A two-in-one antibody against HER3 and EGFR has superior inhibitory activity compared with monospecific antibodies.
Schaefer, G., Haber, L., Crocker, L.M., Shia, S., Shao, L., Dowbenko, D., Totpal, K., Wong, A., Lee, C.V., Stawicki, S., Clark, R., Fields, C., Lewis Phillips, G.D., Prell, R.A., Danilenko, D.M., Franke, Y., Stephan, J.P., Hwang, J., Wu, Y., Bostrom, J., Sliwkowski, M.X., Fuh, G., Eigenbrot, C.(2011) Cancer Cell 20: 472-486
- PubMed: 22014573 
- DOI: https://doi.org/10.1016/j.ccr.2011.09.003
- Primary Citation of Related Structures:  
3P0V, 3P0Y, 3P11 - PubMed Abstract: 
Extensive crosstalk among ErbB/HER receptors suggests that blocking signaling from more than one family member may be essential to effectively treat cancer and limit drug resistance.

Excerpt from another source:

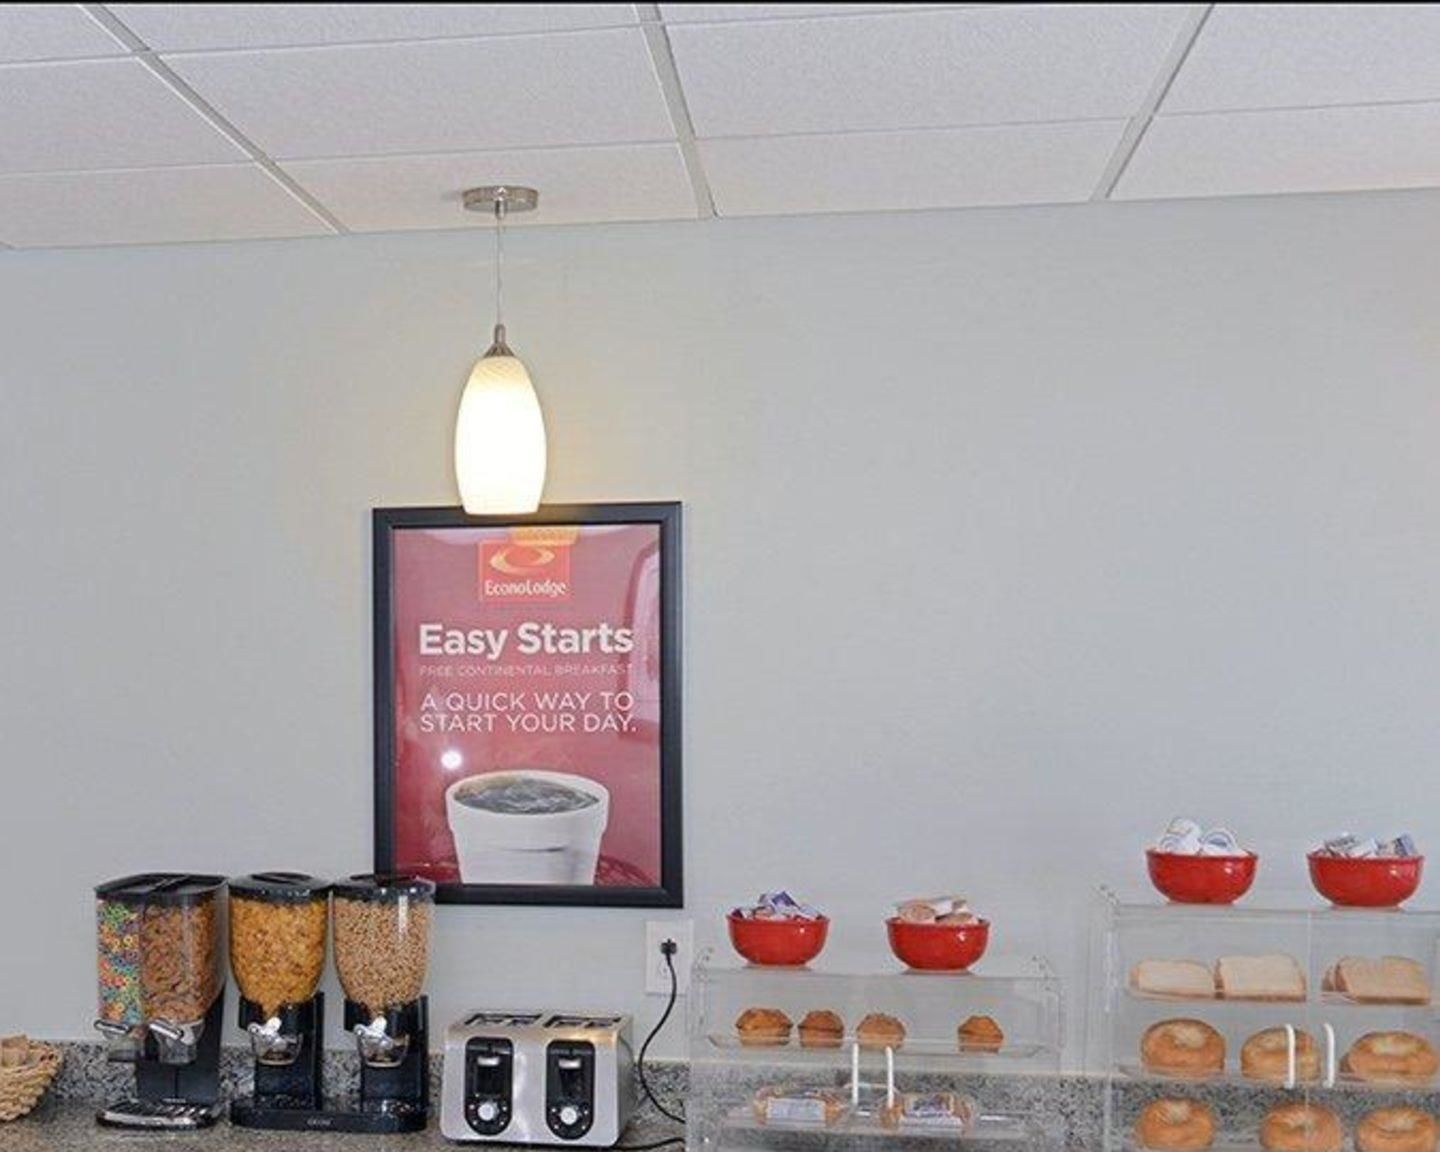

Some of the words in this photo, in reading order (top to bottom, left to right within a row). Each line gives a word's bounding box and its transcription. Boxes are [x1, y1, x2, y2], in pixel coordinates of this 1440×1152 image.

We generated a conventional IgG molecule MEHD7945A with dual HER3/EGFR specificity by phage display engineering and used structural and mutational studies to understand how a single antigen recognition surface binds two epitopes with high affinity. As a human IgG1, MEHD7945A exhibited dual action by inhibiting EGFR- and HER3-mediated signaling in vitro and in vivo and the ability to engage immune effector functions. Compared with monospecific anti-HER antibodies, MEHD7945A was more broadly efficacious in multiple tumor models, showing that combined inhibition of EGFR and HER3 with a single antibody is beneficial.
Organizational Affiliation: 
Department of Research Oncology, Genentech, Inc, South San Francisco, CA 94080, USA.